'''
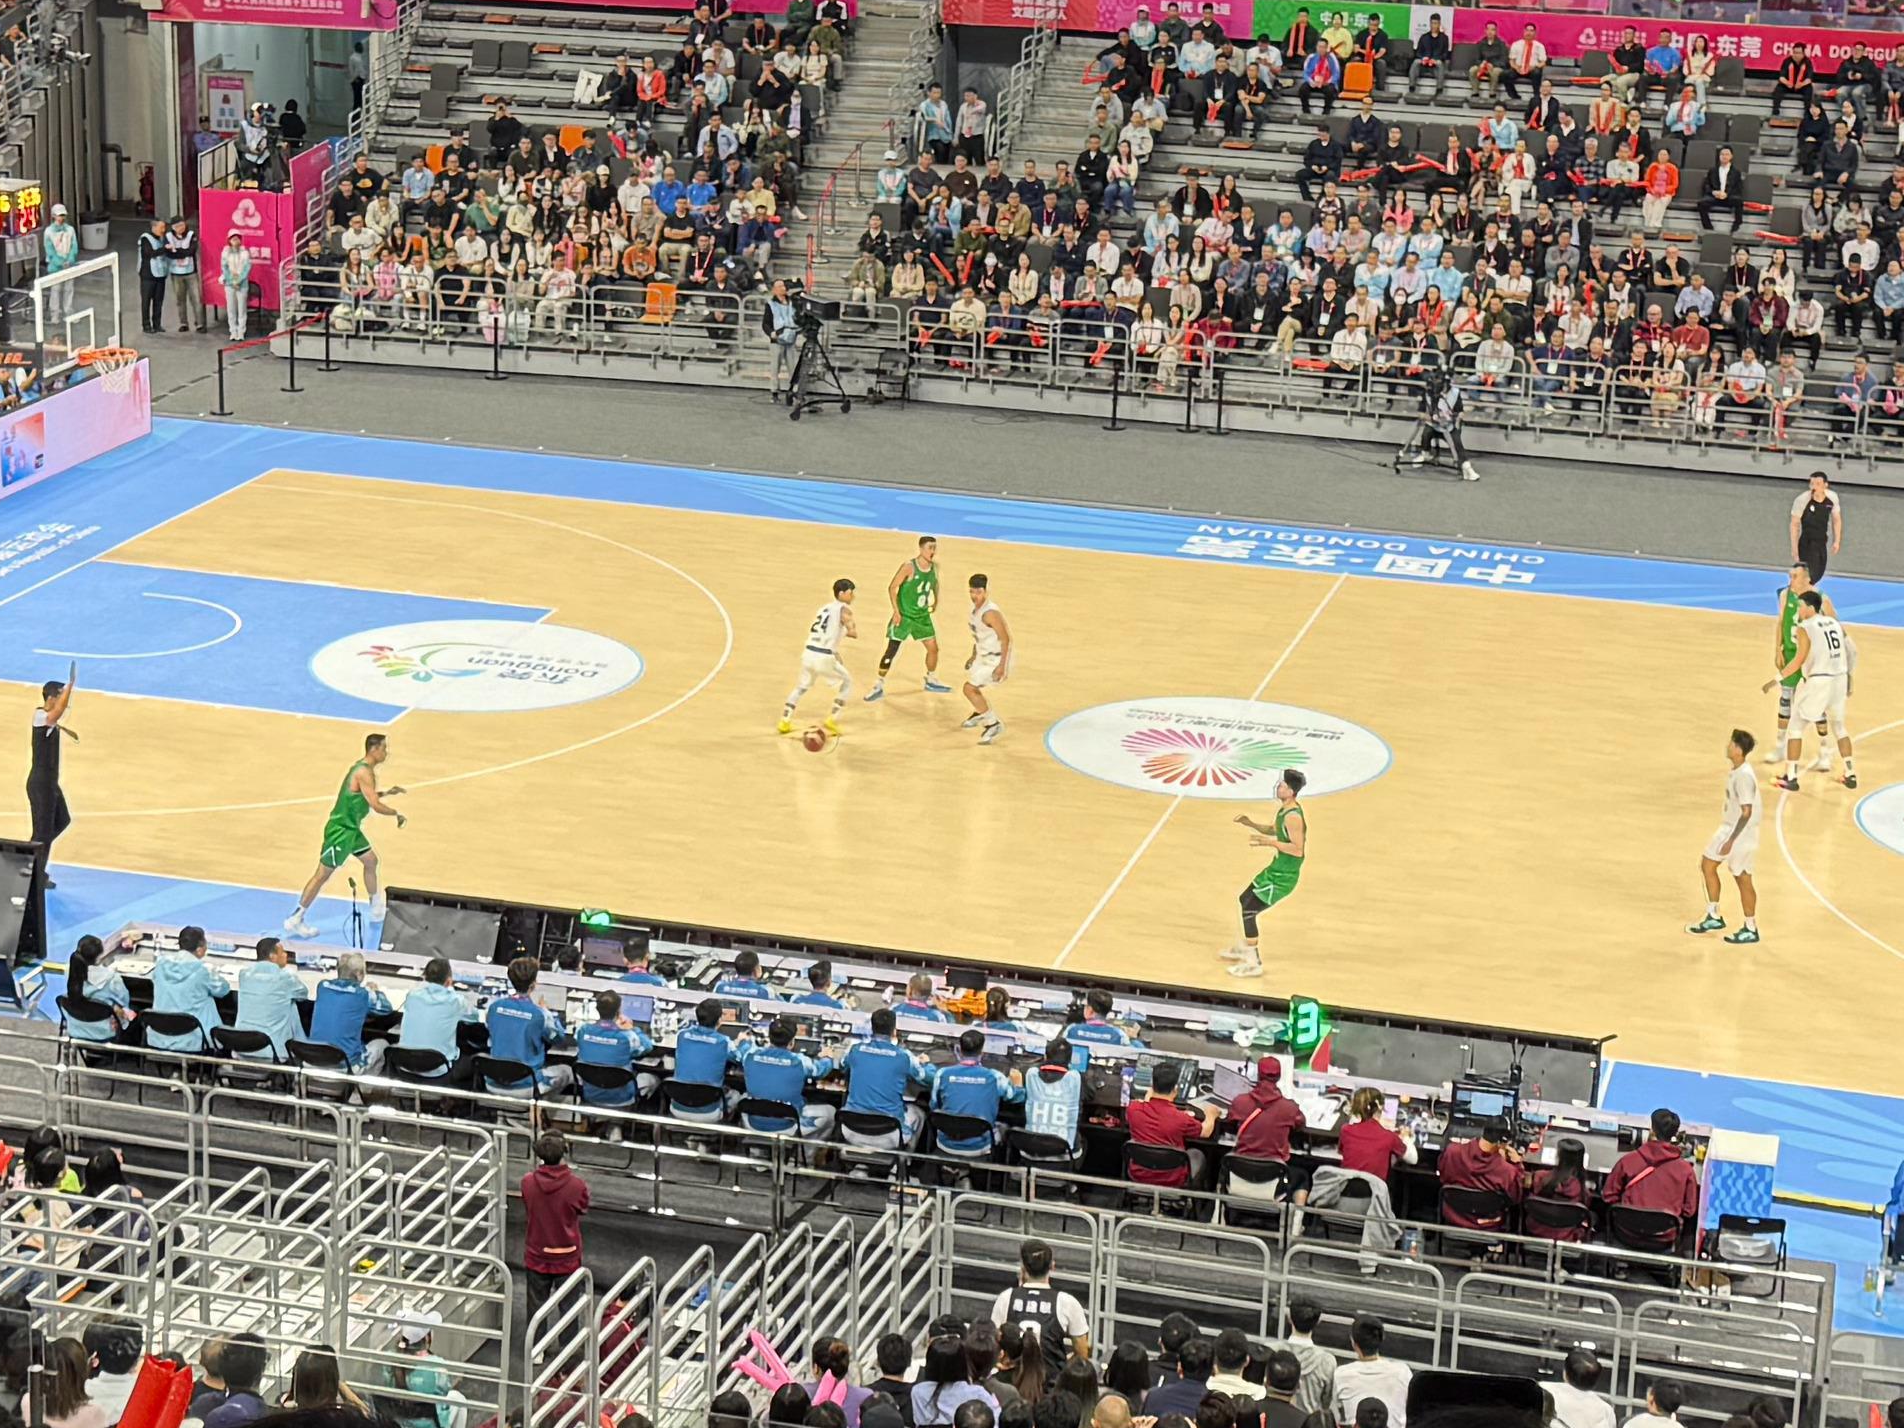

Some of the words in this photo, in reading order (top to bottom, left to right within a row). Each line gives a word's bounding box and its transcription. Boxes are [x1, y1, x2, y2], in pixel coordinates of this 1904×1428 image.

[1427, 545, 1545, 565] CHINA
[810, 614, 829, 633] 24
[1824, 629, 1841, 651] 16
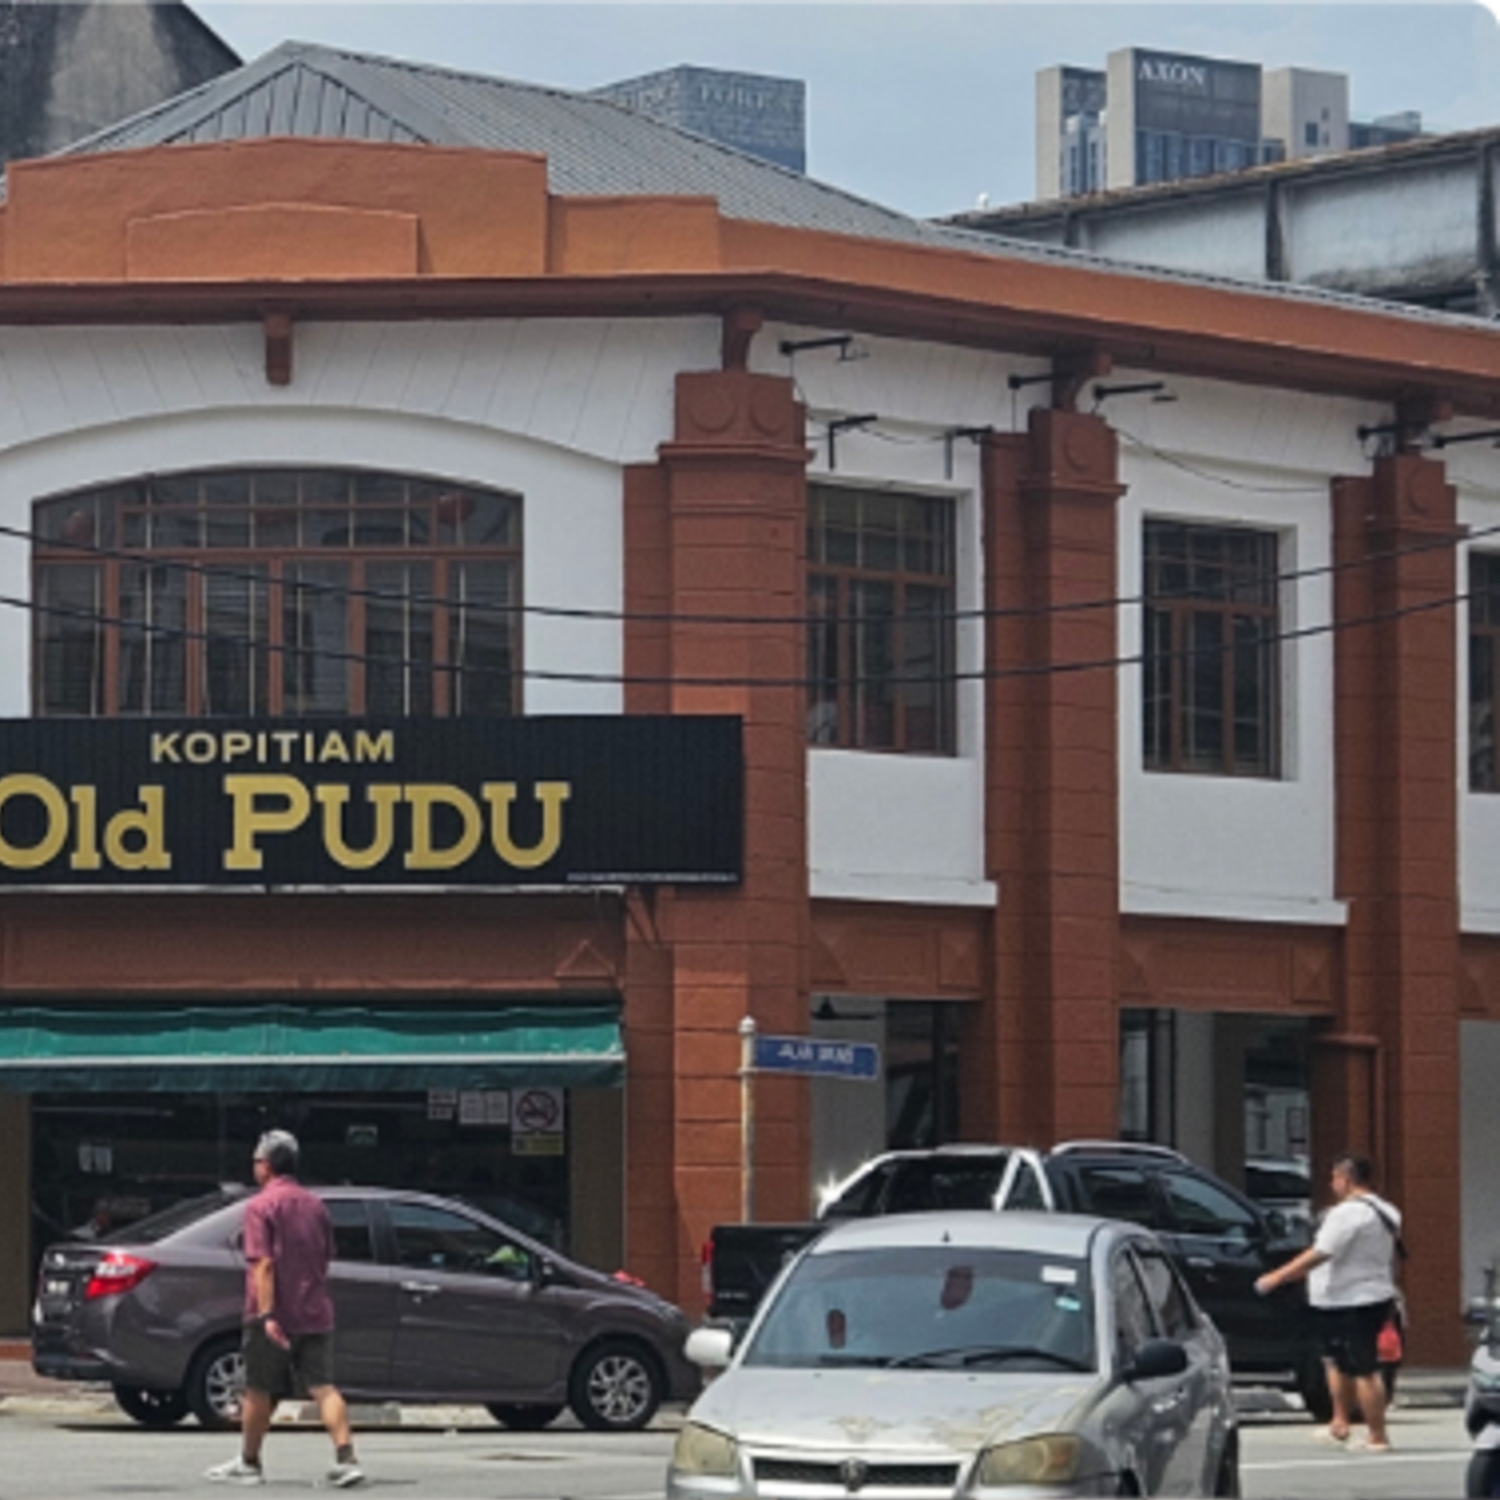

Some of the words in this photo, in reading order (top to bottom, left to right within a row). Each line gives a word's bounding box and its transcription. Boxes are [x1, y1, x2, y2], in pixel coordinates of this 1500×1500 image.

[1139, 60, 1207, 86] AXON
[151, 731, 396, 763] KOPITIAM
[223, 774, 570, 869] PUDU
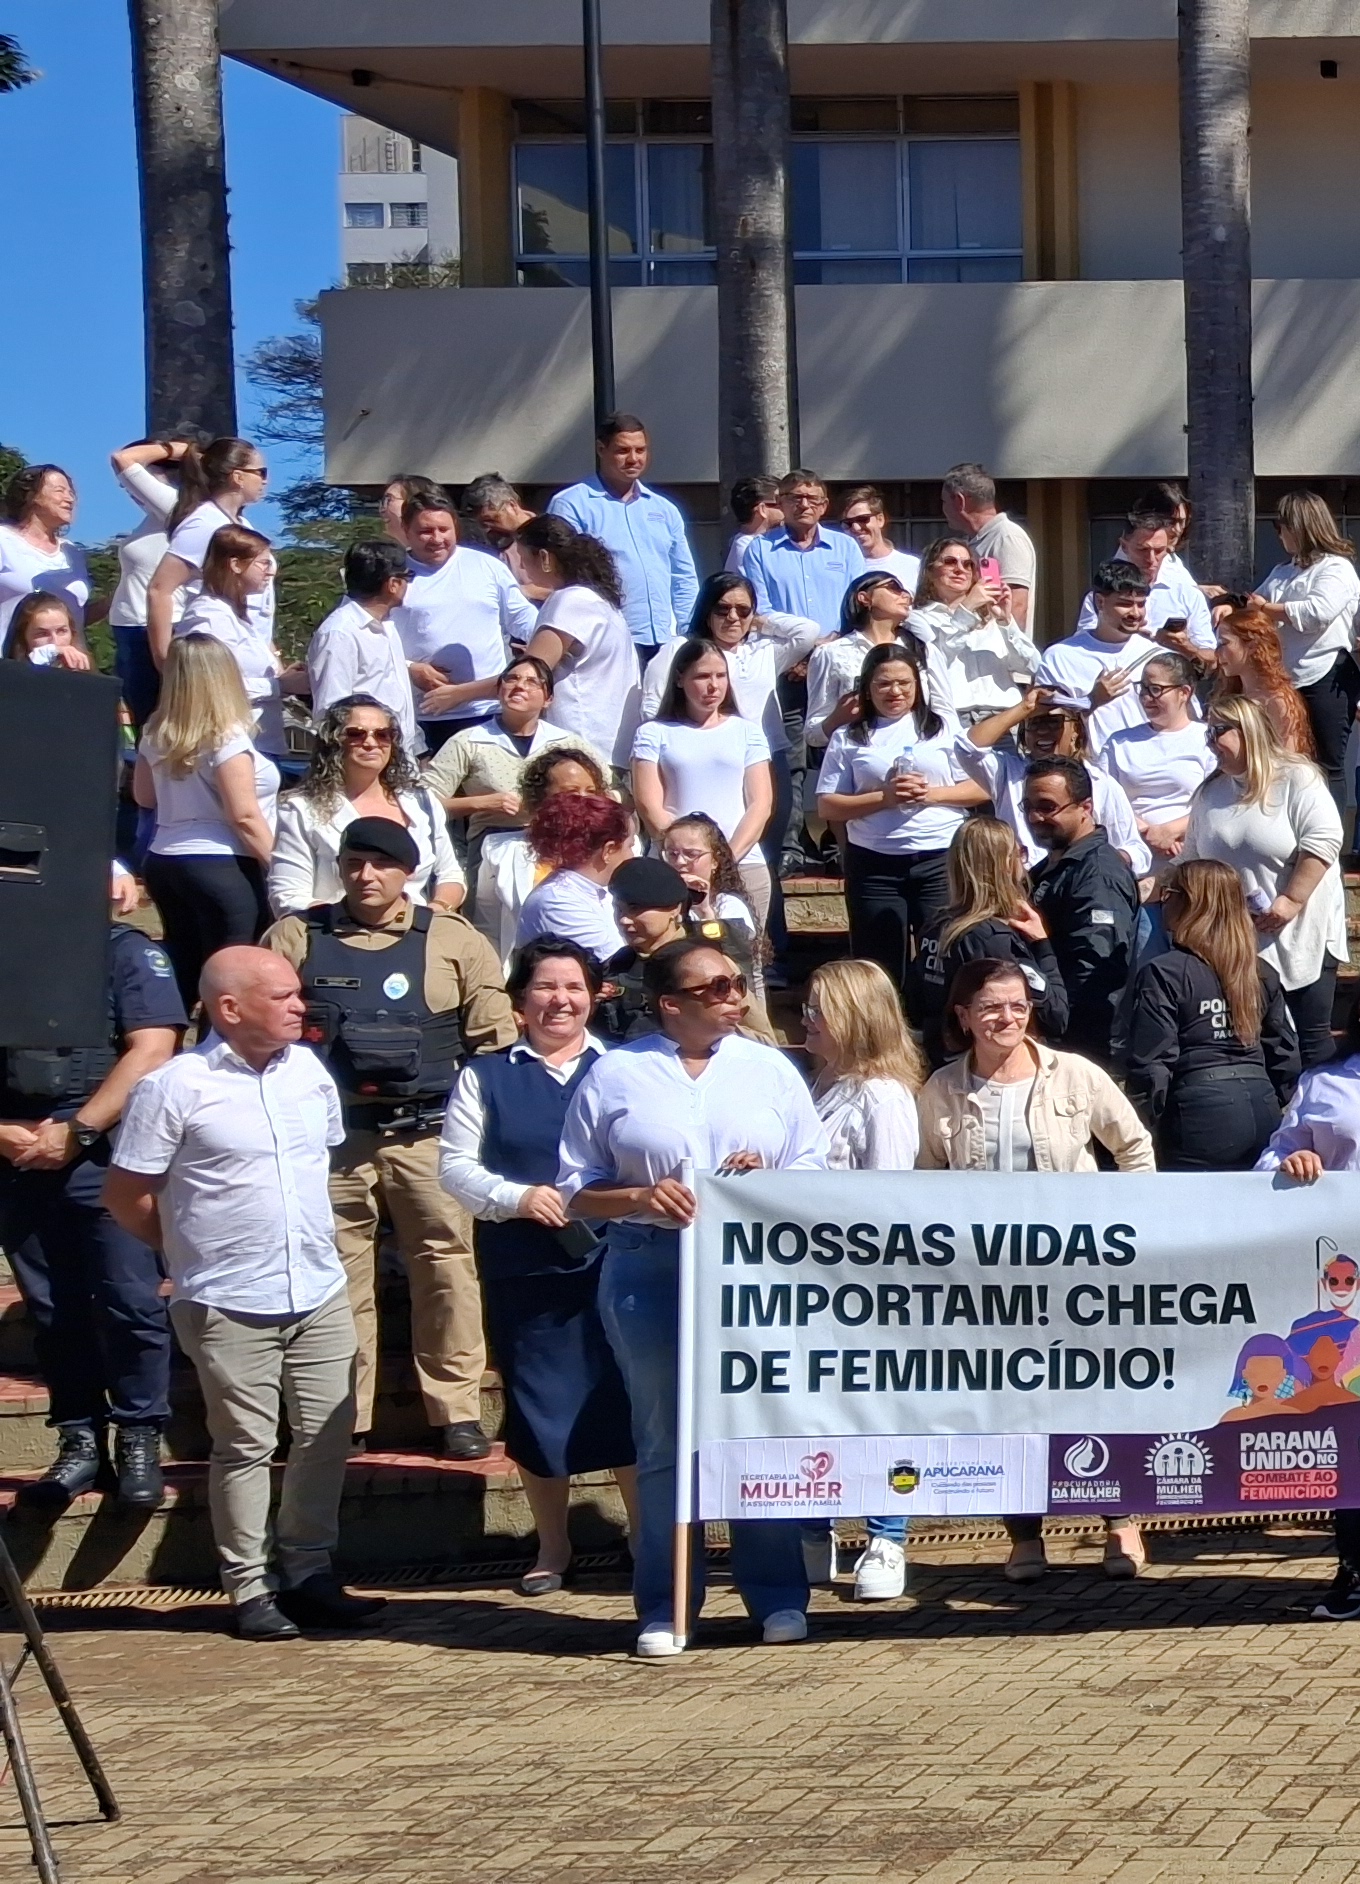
'''
Description of the task: Reproduce the whole listing verbatim. Pictures stay out of the copy.

Answer space:
Some of the words in this photo, in reading order (top to bottom, left to right within a row). Each line gives a word's bounding box and its transcription. Boxes are [x1, y1, x2, y2], in pixel coordinates of this 1904×1428 image.

[1427, 545, 1545, 565] CHINA
[810, 614, 829, 633] 24
[1824, 629, 1841, 651] 16

Some of the words in this photo, in reading order (top to bottom, left to right within a row). Each line gives a word's bounding box and its transcription. Boxes are [x1, y1, x2, y2], in pixel coordinates of this 1500×1500 image.

[1139, 60, 1207, 86] AXON
[151, 731, 396, 763] KOPITIAM
[223, 774, 570, 869] PUDU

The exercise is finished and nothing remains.